SRF388 is a fully human anti-IL-27 antibody designed to inhibit the activity of this immunosuppressive cytokine. Surface Oncology has identified particular tumor types, including liver, kidney and lung cancer, where IL-27 appears to play an important role in the immunosuppressive tumor microenvironment and may contribute to resistance to treatment with checkpoint inhibitors. SRF388 targets the rate-limiting p28 subunit of IL-27, and preclinical studies have shown that treatment with SRF388 blocks the immunosuppressive biologic effects of IL-27, resulting in immune cell activation in combination with other cancer therapies including anti-PD-1 therapy, as well as potent anti-tumor effects as a monotherapy. Furthermore, Surface Oncology has identified a potential biomarker associated with IL-27 that may be useful in helping to identify patients most likely to respond to SRF388. In November 2020, Surface announced that SRF388 was granted Orphan Drug designation and Fast Track designation for the treatment of hepatocellular carcinoma from the FDA.
SRF617 is a fully human antibody designed to inhibit the enzymatic activity of CD39 in the tumor microenvironment, allowing for a dual mechanism of action to promote anti-tumor immunity via reduction of immunosuppressive adenosine in addition to increasing levels of immunostimulatory ATP. A substantial body of research supports a role for CD39 in allowing cancer to evade immune responses. For example, pancreatic cancer stromal cells within the tumor micro-environment express high levels of CD39, which may inhibit anti-cancer immune responses. In preclinical studies, SRF617 has exhibited strong affinity for and inhibition of CD39, the ability to reduce adenosine and increase ATP levels and anti-tumor activity both as a single agent and in combination with multiple therapeutic agents. SRF617 has been granted Orphan Drug designation for the treatment of advanced pancreatic cancer by the FDA.

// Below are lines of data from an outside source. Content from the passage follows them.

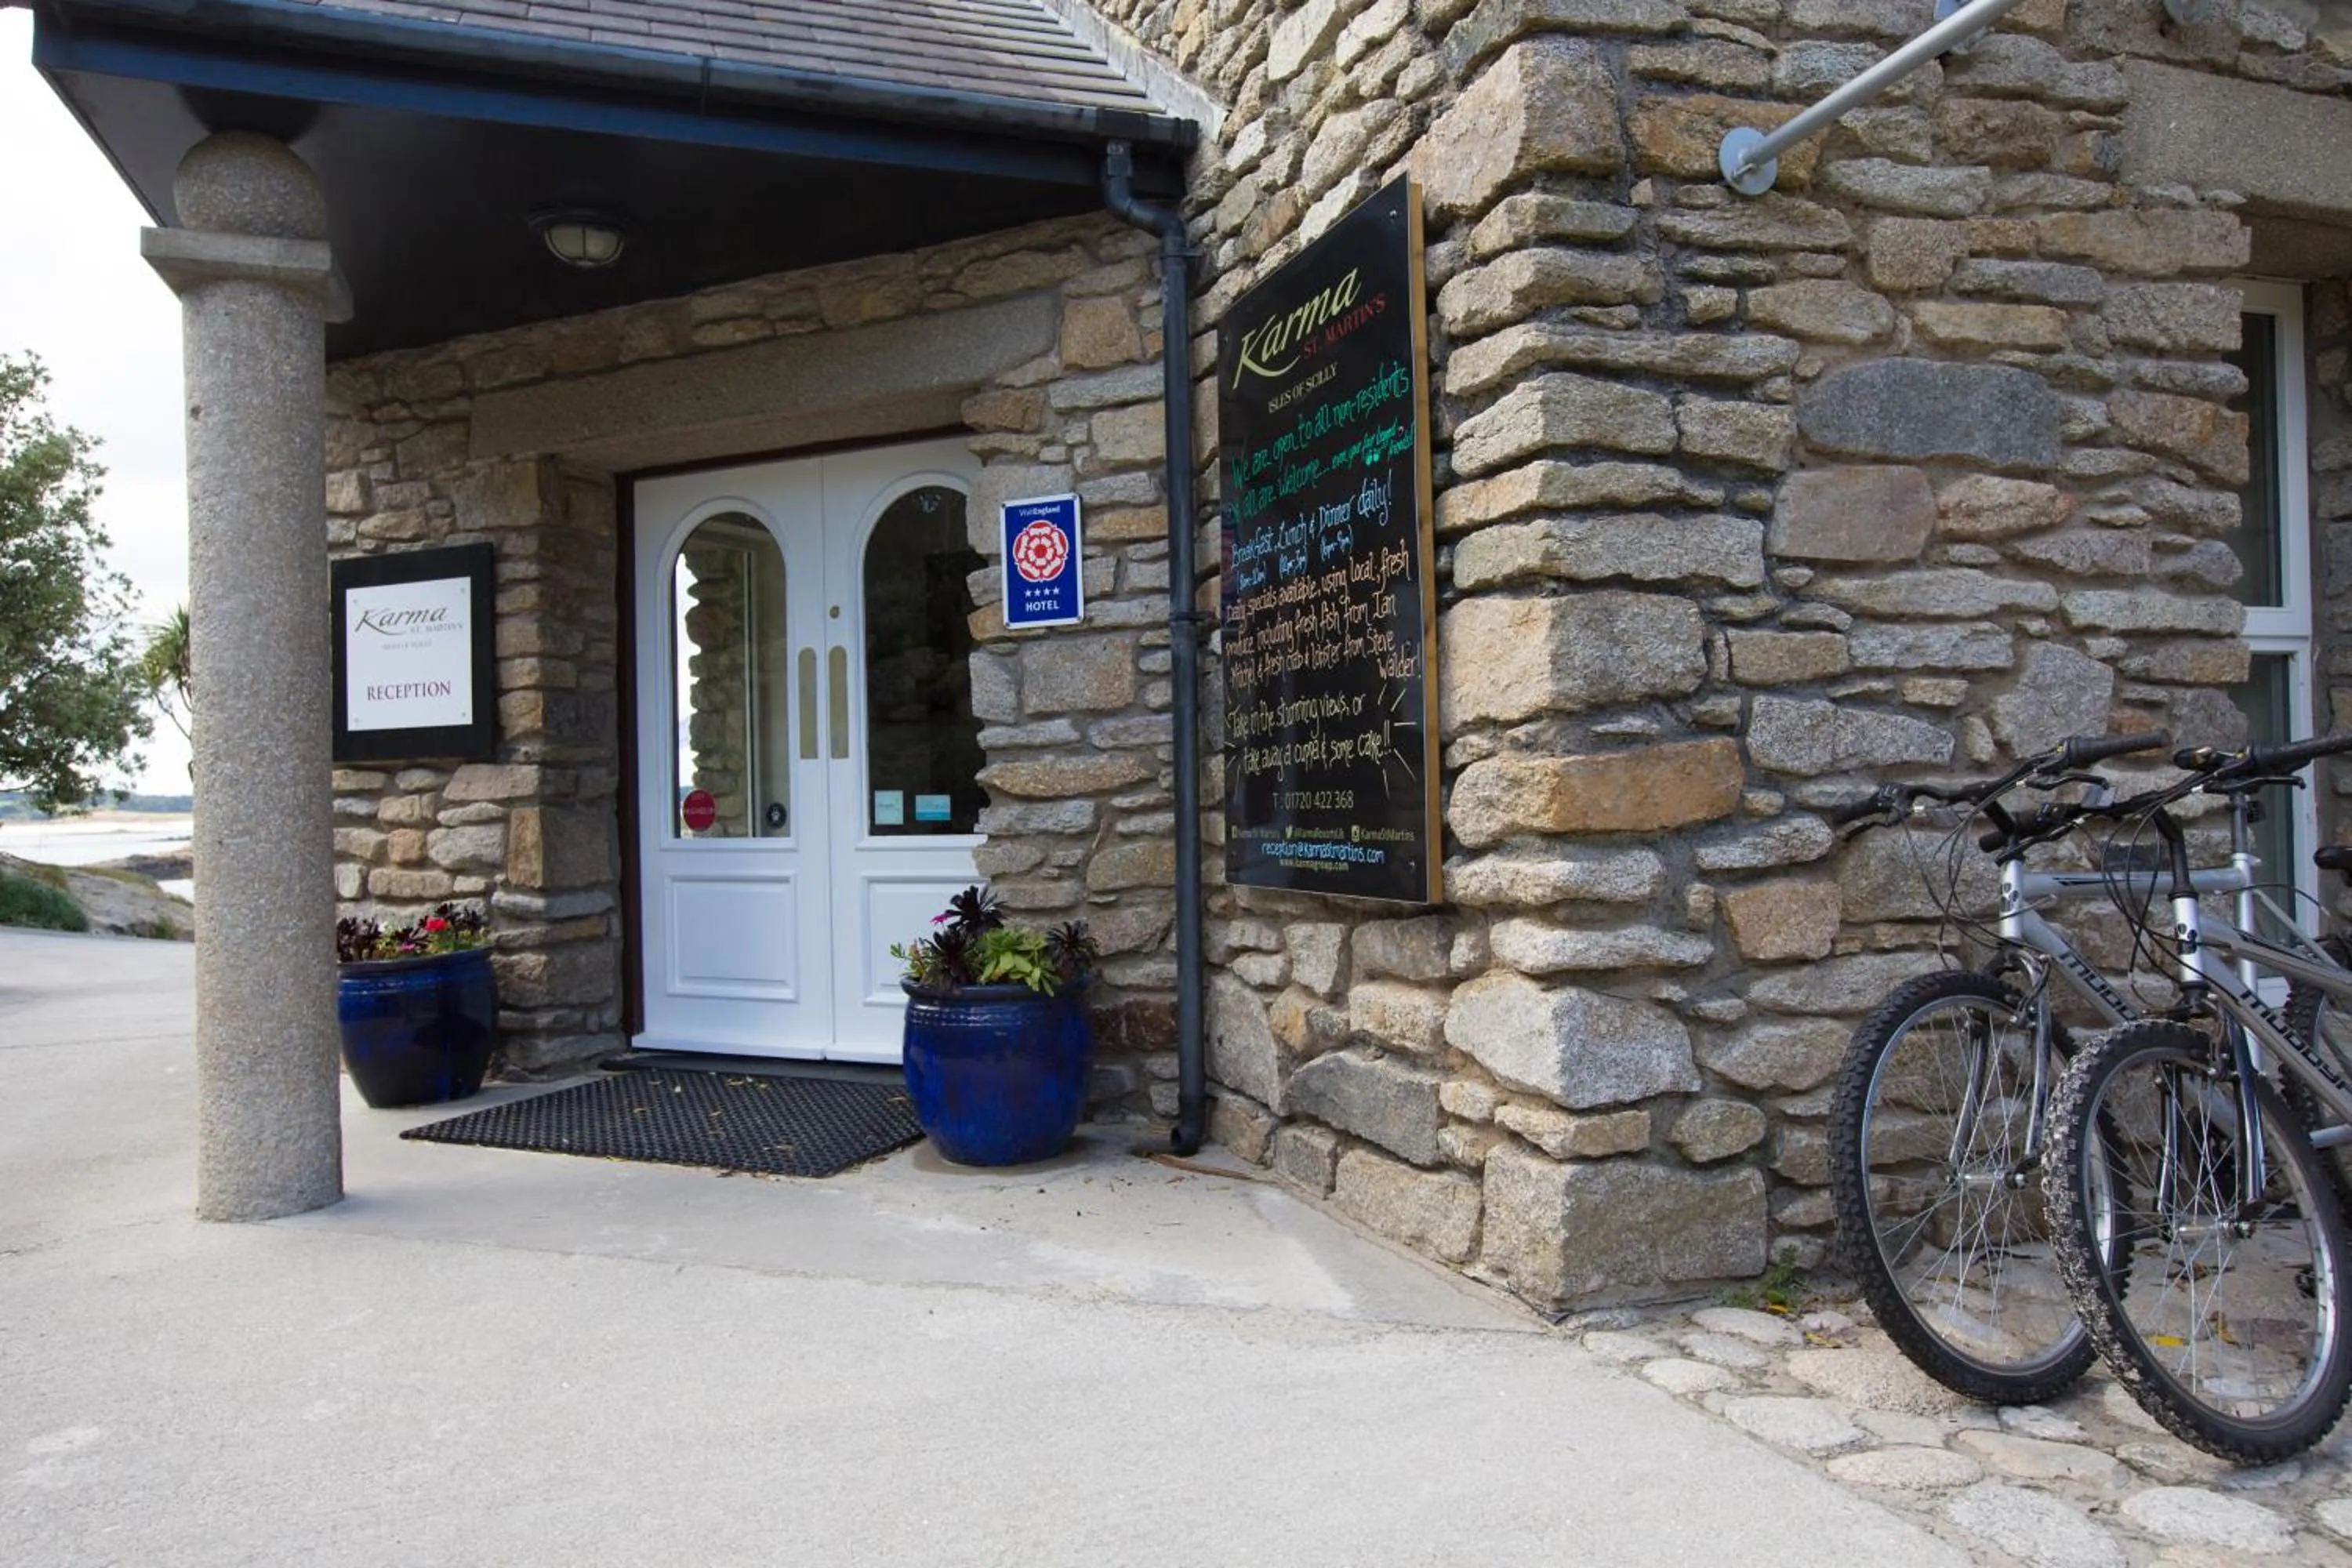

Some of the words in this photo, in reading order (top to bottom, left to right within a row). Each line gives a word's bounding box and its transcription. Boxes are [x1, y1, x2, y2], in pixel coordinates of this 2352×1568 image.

[1232, 267, 1362, 390] Karma
[1325, 292, 1388, 346] MARTIN'S
[1268, 391, 1292, 414] ISLES
[1293, 383, 1306, 401] OF
[1305, 361, 1339, 392] SCILLY
[1272, 432, 1299, 472] open
[1298, 413, 1313, 448] to
[1314, 403, 1332, 437] all
[1333, 361, 1410, 426] non-residents
[1321, 565, 1352, 605] using
[1381, 538, 1411, 593] fresh
[354, 607, 447, 636] Karma
[1025, 600, 1060, 612] HOTEL
[1319, 601, 1341, 641] fish
[1343, 597, 1373, 631] from
[1373, 590, 1397, 619] Ian
[1367, 627, 1397, 655] Steve
[366, 680, 452, 701] RECEPTION
[1228, 705, 1250, 740] Take
[1276, 695, 1320, 739] stunning
[1352, 693, 1367, 717] or
[1285, 791, 1312, 810] 01720
[1314, 790, 1333, 809] 422
[1334, 789, 1355, 809] 368
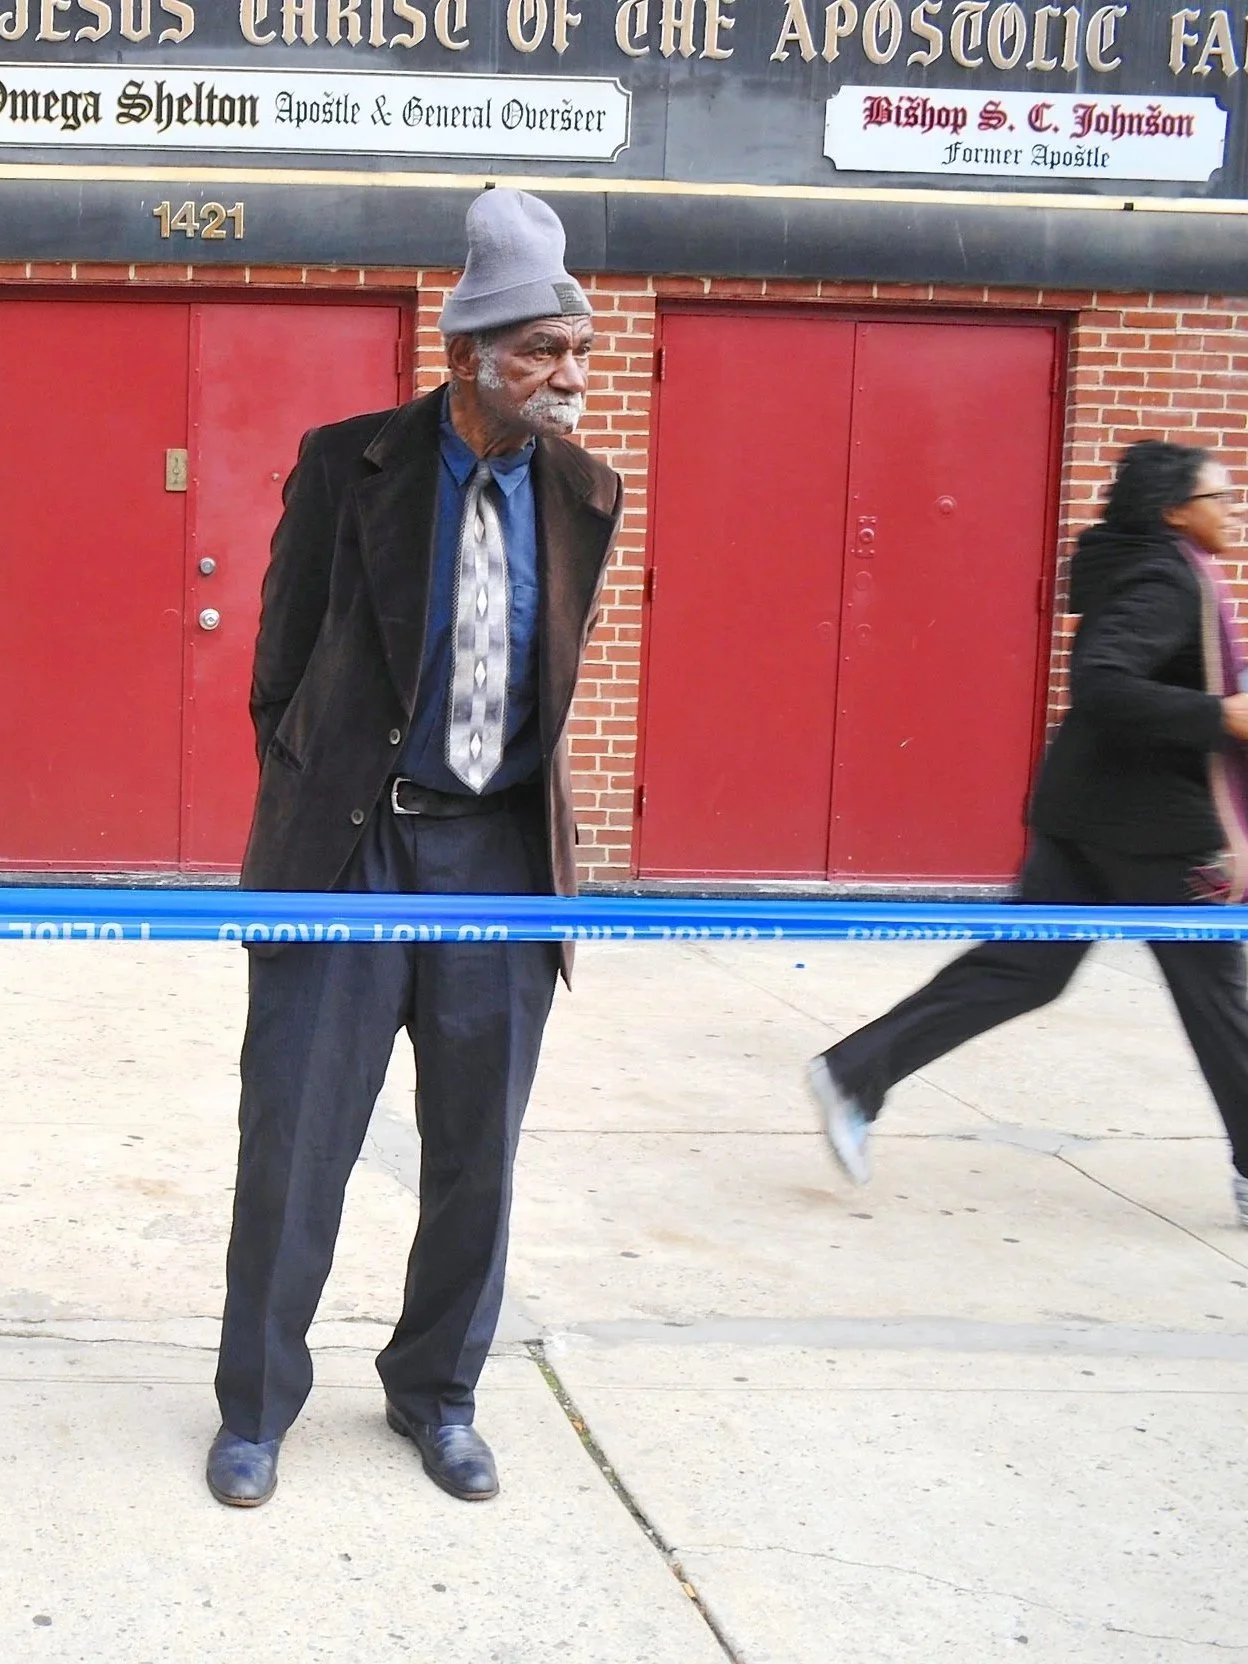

Cautionary Note Regarding Forward-Looking Statements
Certain statements set forth in this press release constitute “forward-looking” statements within the meaning of the Private Securities Litigation Reform Act of 1995, as amended. Forward-looking statements can be identified by terms such as “believes,” “expects,” “plans,” “potential,” “would” or similar expressions, and the negative of those terms. These forward-looking statements are based on Surface Oncology’s management’s current beliefs and assumptions about future events and on information currently available to management.
Forward-looking statements involve known and unknown risks, uncertainties and other factors that may cause Surface Oncology’s actual results, performance or achievements to be materially different from any future results, performance or achievements expressed or implied by the forward-looking statements. These risks include, but are not limited to, risks and uncertainties related to Surface Oncology’s ability to successfully develop SRF388, SRF617, SRF114 and its other product candidates through current and future milestones or regulatory filings on the anticipated timeline, if at all, the therapeutic potential of Surface Oncology’s product candidates, the risk that results from preclinical studies or early clinical trials may not be representative of larger clinical trials, the risk that Surface Oncology’s product candidates, including SRF388, SRF617 and SRF114, will not be successfully developed or commercialized, the risks related to Surface Oncology’s dependence on third-parties in connection with its manufacturing, clinical trials and preclinical studies, and the potential impact of COVID-19 on Surface Oncology’s clinical and preclinical development timelines and results of operations. Additional risks and uncertainties that could affect Surface Oncology’s future results are included in the section titled “Risk Factors” in our Annual Report on Form 10-K for the year ending December 31, 2021, available on the Securities and Exchange Commission’s website at www.sec.gov and Surface Oncology’s website at www.surfaceoncology.com. Additional information on potential risks will be made available in other filings that Surface Oncology makes from time to time with the Securities and Exchange Commission. In addition, any forward-looking statements contained in this press release are based on assumptions that Surface Oncology believes to be reasonable as of this date. Except as required by law, Surface Oncology assumes no obligation to update these forward-looking statements, or to update the reasons if actual results differ materially from those anticipated in the forward-looking statements.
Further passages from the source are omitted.